Mesmo assim, meus olhos cobertos de ócio e tranquilidade não se desviavam da paisagem através do vidro. Os pinheiros ficavam tão bonitos naquela hora do dia.

Peguei outra vez o bule de chá frutado e servi uma xícara. Seria a quinta desde que tinha saído da cama. Seu sabor era suave, refrescante e agradável, mesmo estando um pouco mais velho do que deveria, e não havia bebida que me despertasse mais.

Minto. Havia, sim. Um copo de café fazia maravilhas para tirar-me o sono. Mas, naquele lugar tão solitário, tentei me desligar de meus vícios durante alguns dias. O que significava nada de cigarros também. Mudar por um tempo, curto que fosse, poderia limpar um pouco minha mente.
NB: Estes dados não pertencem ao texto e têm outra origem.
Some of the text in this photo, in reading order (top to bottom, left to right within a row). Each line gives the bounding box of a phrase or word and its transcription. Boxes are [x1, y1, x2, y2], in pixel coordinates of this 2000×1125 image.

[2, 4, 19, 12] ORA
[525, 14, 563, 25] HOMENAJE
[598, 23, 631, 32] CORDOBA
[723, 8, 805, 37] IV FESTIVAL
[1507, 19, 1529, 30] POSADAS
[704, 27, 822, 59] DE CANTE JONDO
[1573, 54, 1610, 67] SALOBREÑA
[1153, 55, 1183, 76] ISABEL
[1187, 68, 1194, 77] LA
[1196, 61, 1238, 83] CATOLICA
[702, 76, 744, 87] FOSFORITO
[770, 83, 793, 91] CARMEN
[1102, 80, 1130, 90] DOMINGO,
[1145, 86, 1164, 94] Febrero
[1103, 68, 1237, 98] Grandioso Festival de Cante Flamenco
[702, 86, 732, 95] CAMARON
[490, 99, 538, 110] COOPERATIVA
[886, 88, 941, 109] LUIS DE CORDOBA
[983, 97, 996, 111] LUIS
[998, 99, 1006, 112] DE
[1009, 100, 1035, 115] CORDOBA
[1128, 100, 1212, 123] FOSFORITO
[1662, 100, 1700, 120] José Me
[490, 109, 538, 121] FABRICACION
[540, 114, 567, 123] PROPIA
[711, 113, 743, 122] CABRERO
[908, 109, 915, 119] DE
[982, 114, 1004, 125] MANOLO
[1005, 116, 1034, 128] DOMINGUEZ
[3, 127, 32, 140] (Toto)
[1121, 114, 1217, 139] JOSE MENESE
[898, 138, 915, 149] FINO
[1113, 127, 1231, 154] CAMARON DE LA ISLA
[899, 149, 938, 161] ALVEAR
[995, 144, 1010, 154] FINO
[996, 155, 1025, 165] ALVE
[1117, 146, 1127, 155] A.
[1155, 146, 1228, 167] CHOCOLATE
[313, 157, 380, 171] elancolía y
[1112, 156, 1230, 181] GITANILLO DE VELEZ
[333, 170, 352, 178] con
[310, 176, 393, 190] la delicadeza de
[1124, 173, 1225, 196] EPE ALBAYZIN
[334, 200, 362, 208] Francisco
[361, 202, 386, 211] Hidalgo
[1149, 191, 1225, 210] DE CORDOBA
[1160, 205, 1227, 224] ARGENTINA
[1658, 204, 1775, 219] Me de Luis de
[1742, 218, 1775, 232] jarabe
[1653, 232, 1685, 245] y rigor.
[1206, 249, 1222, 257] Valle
E ela andava um tanto confusa antes de pousar ali, posso dizer.

Ao devolver a prataria à mesa, notei, em seu reflexo polido, minha própria imagem. Há algum tempo, eu não me encarava ao espelho, mas o homem que vi na chaleira estava longe de me assustar.

Ele era quem eu esperava ser.

Cada gole lento daquele chá era uma fragrância diferente em meu paladar e um detalhe que eu capturava no cenário nevado do outro lado da janela. Um floco branco e leve que vinha repousar no beiral de madeira. Uma nuvem correndo por seu caminho, pouco a pouco revelando o céu escuro com as primeiras estrelas da noite. Um corvo que alçava voo, um esquilo cavando o pé de uma árvore, o vento delicado que passava por ali.
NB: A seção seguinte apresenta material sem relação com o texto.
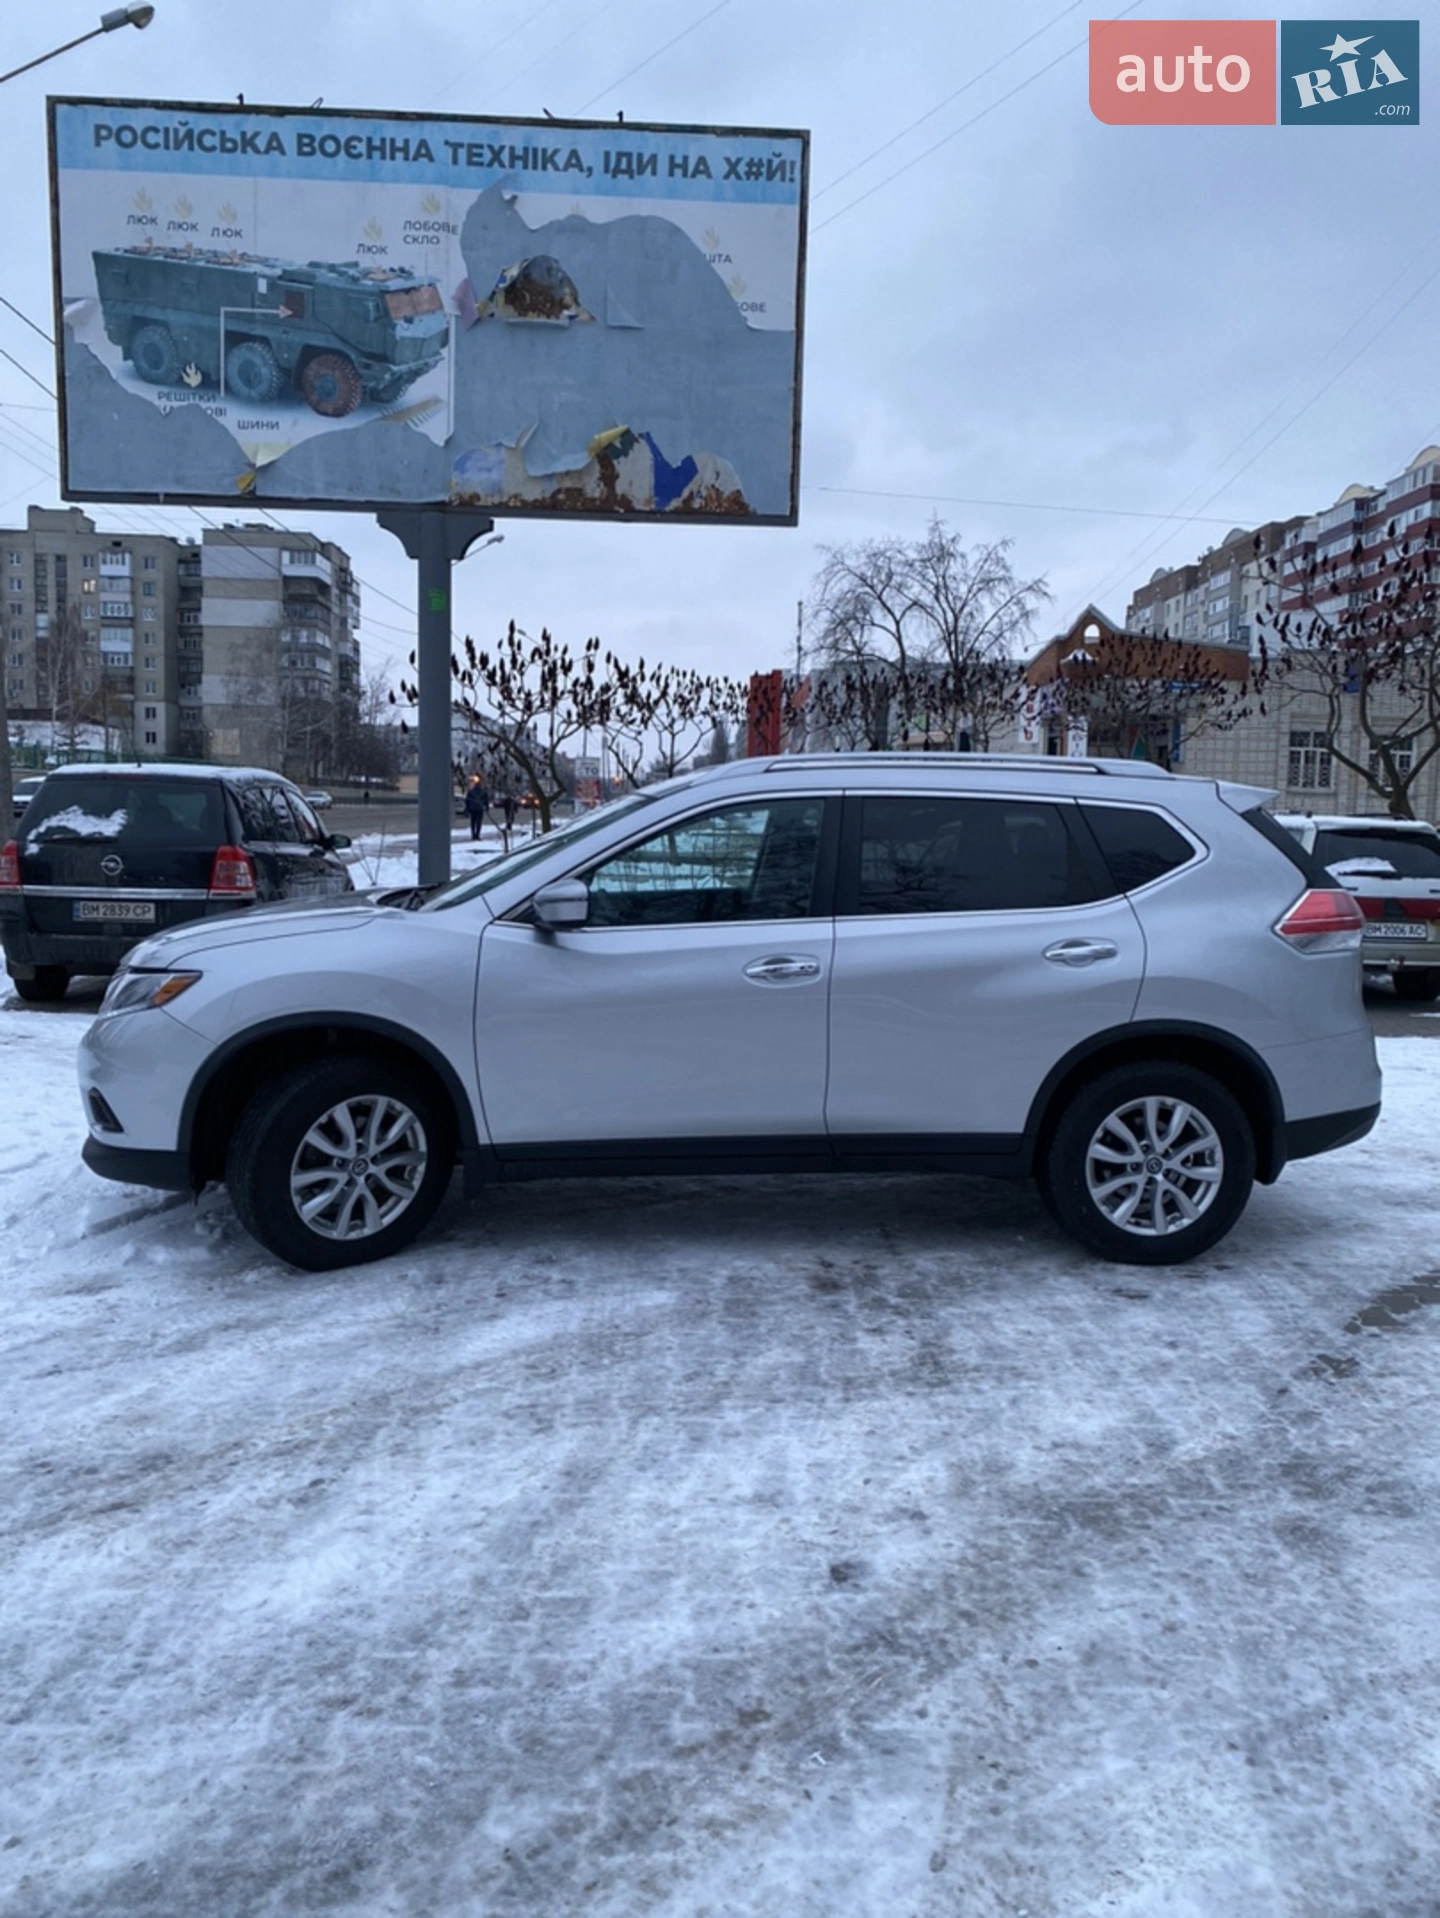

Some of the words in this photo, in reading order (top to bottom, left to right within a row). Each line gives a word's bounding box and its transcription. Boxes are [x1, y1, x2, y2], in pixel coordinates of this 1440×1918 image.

[93, 120, 287, 156] РОСІЙСЬКА
[295, 132, 435, 163] ВОЄННА
[443, 139, 594, 178] ТЕХНІКА,
[603, 151, 658, 179] ІДИ
[668, 153, 714, 180] НА
[722, 151, 797, 184] Х#Й!
[126, 214, 159, 226] ЛЮК
[166, 220, 199, 233] ЛЮК
[210, 226, 243, 239] ЛЮК
[403, 219, 460, 236] ЛОБОВЕ
[403, 234, 441, 246] СКЛО
[356, 242, 388, 255] ЛЮК
[703, 252, 733, 264] ШТА
[738, 300, 768, 313] ОВЕ
[157, 390, 216, 403] РЕШІТКИ
[237, 418, 280, 431] ШИНИ
[102, 903, 131, 917] 2839
Lentamente, virei o rosto para o interior da casa, apoiei minha mão no braço amadeirado e acolchoado do sofá clássico onde me sentava e fiquei de pé. Soltei um longo suspiro e inspirei o mais fundo que pude, buscando novas energias no ar enclausurado da casa.

Eu precisava voltar ao trabalho.

Atravessei o velho carpete carmim da sala com meus pés descalços e comecei a subir a escada. Já não era tão rápido nisso quanto tinha sido, muito tempo atrás.

A casa me parecera bem maior também em outras épocas. Havia tantos cantos no sótão que eu podia perder dias inteiros procurando por coisas interessantes e voltar quando o jantar estivesse pronto, com um abraço caloroso que me esperava em algum lugar. A despensa na cozinha era meu baú de tesouros, onde escondia meus preciosos doces de Natal. A sala com lareira onde se contavam histórias de livros, lendas e memórias, as fotos de família pelas mesas, as cristaleiras, as prateleiras da biblioteca e muitas, muitas lembranças de um passado antigo.

Elas eram boas companheiras naquela solidão.

Depois do último degrau, segui pelo corredor escuro até meu bom e velho quarto. Tinha passado tantos verões e invernos nele que não conseguia me desacostumar. O papel de parede azul ainda estava lá. Sua outrora viva tonalidade celeste tinha ido embora com o tempo, assim como seus desenhos amarelados, mas eu ainda conseguia vê-los em seus lugares, por trás das camadas do tempo. Não tinha certeza se eu realmente os via ou se estava me recordando deles, mas eles pareciam estar ali para mim. Alguns dos meus desenhos de menino resistiam à passagem dos anos, espalhados perto do quadro de paisagem que eu nunca tivera vontade de tirar. A fita adesiva de suas pontas já tinha se tornado velha e amarronzada, mas parecia durar bem.

Com um pouco de dificuldade, abaixei-me até tocar um joelho no chão, curvei a coluna e coloquei uma mão por debaixo do armário, tateando pelas teias de aranha e grãos de poeira até que meus dedos encontrassem arestas arredondadas.

Puxei a caixa com cuidado pelo carpete e retirei a camada cinza de pó de sua superfície com a palma. Era um porta-joias maior do que o normal, presente de uma tia, uma arca de madeira tão escura que a vida inteira acreditei ser ébano. A sujeira daquele canto empesteava meus poros e pulmões; tossi para expulsá-la de meu corpo.

Levantei-me um pouco e abri uma gaveta do guarda-roupa. Vasculhei por entre envelopes e recortes de jornal, encontrei um cordão jogado pelo espaço, fechei-a de novo e me agachei outra vez. Peguei a caixa e saí do quarto.

Descer a escada me feria menos do que o inverso, mas os solavancos dados em minhas juntas ainda faziam questão de provocar dor de vez em quando, só para que eu não me esquecesse de sua sensibilidade.

Voltei à sala de visitas e deixei as coisas sobre uma mesa longe da de centro. Arrumei as duas blusas que vestia, um suéter tricotado azul e uma camisa social, puxando suas barras para baixo. Tirei um elástico de meu pulso, segurei meus cabelos castanhos e os prendi em um longo rabo-de-cavalo cacheado.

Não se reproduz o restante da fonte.